El tercero, cuyo nombre no retuve, duró dos asaltos. A Jacob se le veía tan aburrido como a mí desde la grada con una Beatrice emocionada a mi lado y un John concentrado en el ring. Jacob no recibió ni un solo golpe y terminó siendo, a las once, el ganador indiscutible de la noche con gritos efusivos e histéricos del público que, poco a poco, una vez terminado el espectáculo, fue saliendo del recinto.
—¡Ha estado estupendo! —exclamó Beatrice.
—Pobres chavales. No querría estar en su lugar —se compadeció John. Muy típico de él. El abuelo siempre estaba a favor de los débiles y los desamparados. Cuando yo tenía doce años, casi adoptó a un chaval de siete cuyos padres no le prestaban la más mínima atención. Le compró una bici y un balón de futbol, jugaba con él a baloncesto y cada tarde se encargaba de que comiera un bocadillo. Dos años más tarde, se mudaron a California. El abuelo nunca superó su pérdida y mucho menos la falta de noticias sobre el chico. No podía ver a un mendigo en la calle pasando hambre; inmediatamente me llevaba al supermercado y me hacía elegir algo para comer. Luego, nos acercábamos al mendigo y me pedía que le diera la comida. El abuelo me regaló las sonrisas más sinceras y agradecidas que jamás olvidaré de aquellos hombres y mujeres abandonados en la calle y olvidados por una sociedad consumista y egoísta.
—Qué golpes da tu chico, Kate. Debes estar orgullosa —comentó la abuela.
—Pienso como John. No me siento orgullosa porque Jacob haya ganado a tres pobres chicos que buscan una oportunidad y un sitio en este mundo de luces y sombras como es el boxeo.
—Qué seria te has puesto, querida.
El abuelo me examinó atentamente como nunca, a lo largo de ese mes, había hecho. Frunció el ceño y me sonrió. Ojalá hubiera tenido, solo por ese momento, la capacidad de leer los pensamientos de los demás. Hubiera dado lo que fuese por saber qué pensó John sobre esa desconocida que se hacía llamar Kate Rivers, de Oregón, en la que tanto parecía confiar Beatrice al dejarla sola trabajando en su cafetería.

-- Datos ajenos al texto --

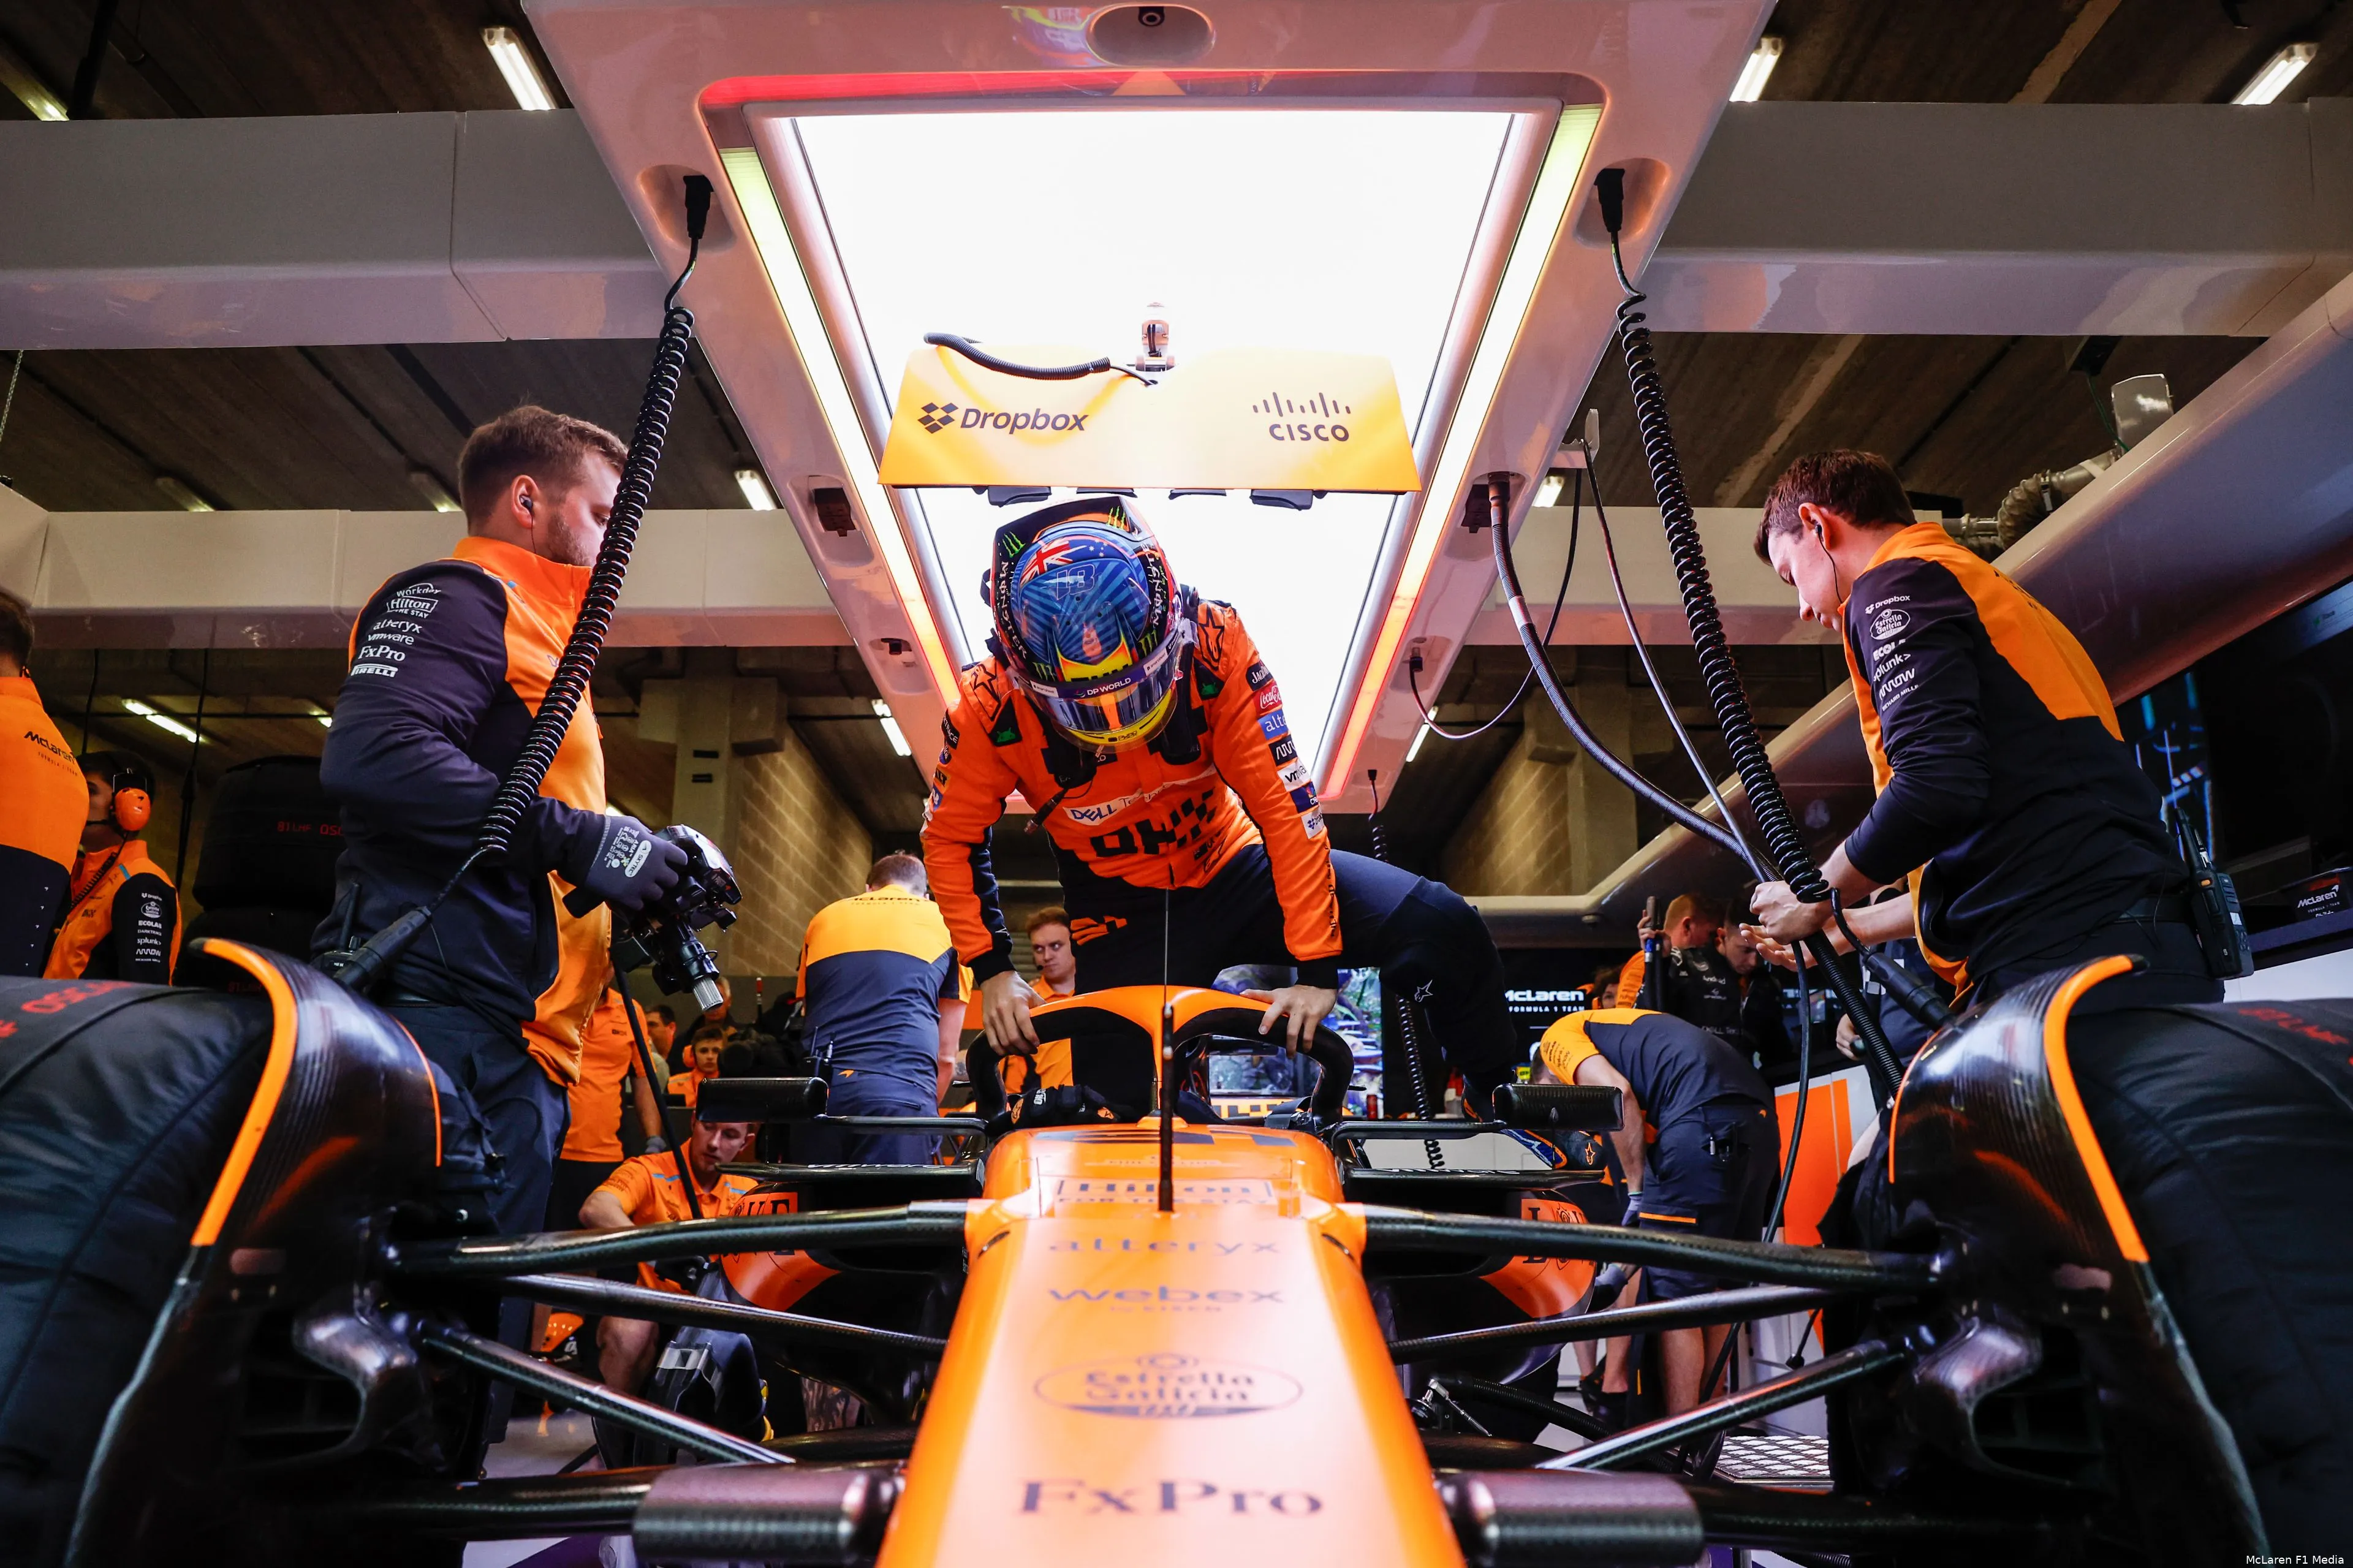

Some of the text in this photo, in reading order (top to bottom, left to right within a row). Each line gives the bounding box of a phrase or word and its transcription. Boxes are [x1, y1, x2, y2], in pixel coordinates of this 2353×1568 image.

Agradecí respirar el aire fresco de la calle y salir del opresivo gimnasio. Los hombres y mujeres seguían fuera, muchos de ellos fumando y hablando entre ellos sobre el combate de aficionados que acababan de ver. Gracias a mi intromisión disimulada en una de las conversaciones, supe que Jacob se había llevado mil de los grandes por participar en un combate cuya intención era, como ya deduje, promocionar el gimnasio y a sus tres jóvenes boxeadores, que llevarían para siempre la losa de haber sido derrotados por un veterano que les sacaba catorce años.
—Con treinta y cuatro años sueles estar acabado. Dicen que eres viejo para subirte a un ring —se lamentó John, adivinando mis pensamientos.
Cuando Jacob salió vestido con su habitual chándal vi que los que aún estaban en la calle tenían las mismas intenciones que yo. Esperarlo. Verlo. Que les firmase un autógrafo. Me rogó que esperara un momento y lo perdí de vista cuando se entremezcló con la gente que hizo un corrillo a su alrededor.
—Tienes que estar orgullosa, Kate —insistió la abuela—. Después de todo lo que has tenido que pasar, estar con Jacob es una bendición, querida.
—¿Y qué he pasado según tú, Beatrice? —pregunté, cansada y malhumorada, al comprobar que Jacob causaba tanta expectación por dejar tirados en el suelo a tres pobres diablos.
—No quisiera contarlo delante de John, querida.
—Me da igual. Cuéntalo, adelante. Me interesa mucho.
—Tu prima Lucy me contó que tu prometido se fue con una de tus primas.
John ni se inmutó. Se puso de puntillas para ver a Jacob, el protagonista de la noche. Yo, olvidándome de la fama de Jacob, me pregunté una vez más por la verdadera Kate Rivers, la que sí podía demostrar quién era gracias a su documentación y temí que, tras lo sucedido, hubiera decidido terminar con su vida tirándose de un puente o algo por el estilo. Las mujeres en esa época podían ser muy dramáticas con este tipo de cosas, sobre todo si ya rondaban los treinta y no veían posibilidad alguna de procrear.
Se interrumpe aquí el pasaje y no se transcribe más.